Assigned task:
The entries shown next need to be written again word for word.

Data provided:
──────

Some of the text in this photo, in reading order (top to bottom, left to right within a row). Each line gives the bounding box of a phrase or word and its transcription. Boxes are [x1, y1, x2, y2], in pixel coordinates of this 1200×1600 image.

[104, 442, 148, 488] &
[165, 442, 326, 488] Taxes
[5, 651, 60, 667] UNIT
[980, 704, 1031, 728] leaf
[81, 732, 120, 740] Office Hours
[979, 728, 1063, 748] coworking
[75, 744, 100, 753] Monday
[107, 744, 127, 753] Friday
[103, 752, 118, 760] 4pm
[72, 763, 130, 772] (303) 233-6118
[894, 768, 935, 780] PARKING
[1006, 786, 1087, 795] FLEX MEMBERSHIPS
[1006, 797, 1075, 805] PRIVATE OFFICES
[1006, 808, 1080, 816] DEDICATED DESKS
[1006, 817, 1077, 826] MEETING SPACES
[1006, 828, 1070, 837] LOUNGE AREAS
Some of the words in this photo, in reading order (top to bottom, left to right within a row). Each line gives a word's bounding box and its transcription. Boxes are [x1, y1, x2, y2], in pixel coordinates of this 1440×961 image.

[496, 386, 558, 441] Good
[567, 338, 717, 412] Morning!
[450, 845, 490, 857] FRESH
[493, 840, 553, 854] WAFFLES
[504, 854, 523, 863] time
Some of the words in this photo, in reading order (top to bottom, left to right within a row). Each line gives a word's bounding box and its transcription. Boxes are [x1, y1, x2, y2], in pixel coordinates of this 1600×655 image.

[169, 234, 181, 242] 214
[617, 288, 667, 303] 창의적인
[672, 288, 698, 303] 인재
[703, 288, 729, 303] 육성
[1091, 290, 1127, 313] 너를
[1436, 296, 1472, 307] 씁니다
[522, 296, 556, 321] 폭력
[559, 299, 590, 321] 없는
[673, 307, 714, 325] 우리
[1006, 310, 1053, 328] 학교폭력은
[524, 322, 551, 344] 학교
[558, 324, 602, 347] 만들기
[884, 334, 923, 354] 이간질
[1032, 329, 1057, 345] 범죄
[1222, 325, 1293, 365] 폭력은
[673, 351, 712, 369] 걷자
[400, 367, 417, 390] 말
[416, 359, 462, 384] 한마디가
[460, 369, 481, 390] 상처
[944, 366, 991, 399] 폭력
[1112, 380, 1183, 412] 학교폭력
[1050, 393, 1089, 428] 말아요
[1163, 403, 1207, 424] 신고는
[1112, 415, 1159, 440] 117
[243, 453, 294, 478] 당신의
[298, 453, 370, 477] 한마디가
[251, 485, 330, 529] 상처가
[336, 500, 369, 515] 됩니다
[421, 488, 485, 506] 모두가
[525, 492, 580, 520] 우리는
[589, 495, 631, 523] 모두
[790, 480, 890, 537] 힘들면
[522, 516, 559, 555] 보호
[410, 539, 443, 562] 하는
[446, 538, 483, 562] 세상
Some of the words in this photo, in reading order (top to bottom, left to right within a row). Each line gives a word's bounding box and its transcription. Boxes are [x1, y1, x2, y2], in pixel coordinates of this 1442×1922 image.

──────

Solution to this problem:
Some of the text in this photo, in reading order (top to bottom, left to right within a row). Each line gives the bounding box of a phrase or word and its transcription. Boxes are [x1, y1, x2, y2], in pixel coordinates of this 1200×1600 image.

[104, 442, 148, 488] &
[165, 442, 326, 488] Taxes
[5, 651, 60, 667] UNIT
[980, 704, 1031, 728] leaf
[81, 732, 120, 740] Office Hours
[979, 728, 1063, 748] coworking
[75, 744, 100, 753] Monday
[107, 744, 127, 753] Friday
[103, 752, 118, 760] 4pm
[72, 763, 130, 772] (303) 233-6118
[894, 768, 935, 780] PARKING
[1006, 786, 1087, 795] FLEX MEMBERSHIPS
[1006, 797, 1075, 805] PRIVATE OFFICES
[1006, 808, 1080, 816] DEDICATED DESKS
[1006, 817, 1077, 826] MEETING SPACES
[1006, 828, 1070, 837] LOUNGE AREAS
Some of the words in this photo, in reading order (top to bottom, left to right within a row). Each line gives a word's bounding box and its transcription. Boxes are [x1, y1, x2, y2], in pixel coordinates of this 1440×961 image.

[496, 386, 558, 441] Good
[567, 338, 717, 412] Morning!
[450, 845, 490, 857] FRESH
[493, 840, 553, 854] WAFFLES
[504, 854, 523, 863] time
Some of the words in this photo, in reading order (top to bottom, left to right within a row). Each line gives a word's bounding box and its transcription. Boxes are [x1, y1, x2, y2], in pixel coordinates of this 1600×655 image.

[169, 234, 181, 242] 214
[617, 288, 667, 303] 창의적인
[672, 288, 698, 303] 인재
[703, 288, 729, 303] 육성
[1091, 290, 1127, 313] 너를
[1436, 296, 1472, 307] 씁니다
[522, 296, 556, 321] 폭력
[559, 299, 590, 321] 없는
[673, 307, 714, 325] 우리
[1006, 310, 1053, 328] 학교폭력은
[524, 322, 551, 344] 학교
[558, 324, 602, 347] 만들기
[884, 334, 923, 354] 이간질
[1032, 329, 1057, 345] 범죄
[1222, 325, 1293, 365] 폭력은
[673, 351, 712, 369] 걷자
[400, 367, 417, 390] 말
[416, 359, 462, 384] 한마디가
[460, 369, 481, 390] 상처
[944, 366, 991, 399] 폭력
[1112, 380, 1183, 412] 학교폭력
[1050, 393, 1089, 428] 말아요
[1163, 403, 1207, 424] 신고는
[1112, 415, 1159, 440] 117
[243, 453, 294, 478] 당신의
[298, 453, 370, 477] 한마디가
[251, 485, 330, 529] 상처가
[336, 500, 369, 515] 됩니다
[421, 488, 485, 506] 모두가
[525, 492, 580, 520] 우리는
[589, 495, 631, 523] 모두
[790, 480, 890, 537] 힘들면
[522, 516, 559, 555] 보호
[410, 539, 443, 562] 하는
[446, 538, 483, 562] 세상
Some of the words in this photo, in reading order (top to bottom, left to right within a row). Each line gives a word's bounding box and its transcription. Boxes are [x1, y1, x2, y2], in pixel coordinates of this 1442×1922 image.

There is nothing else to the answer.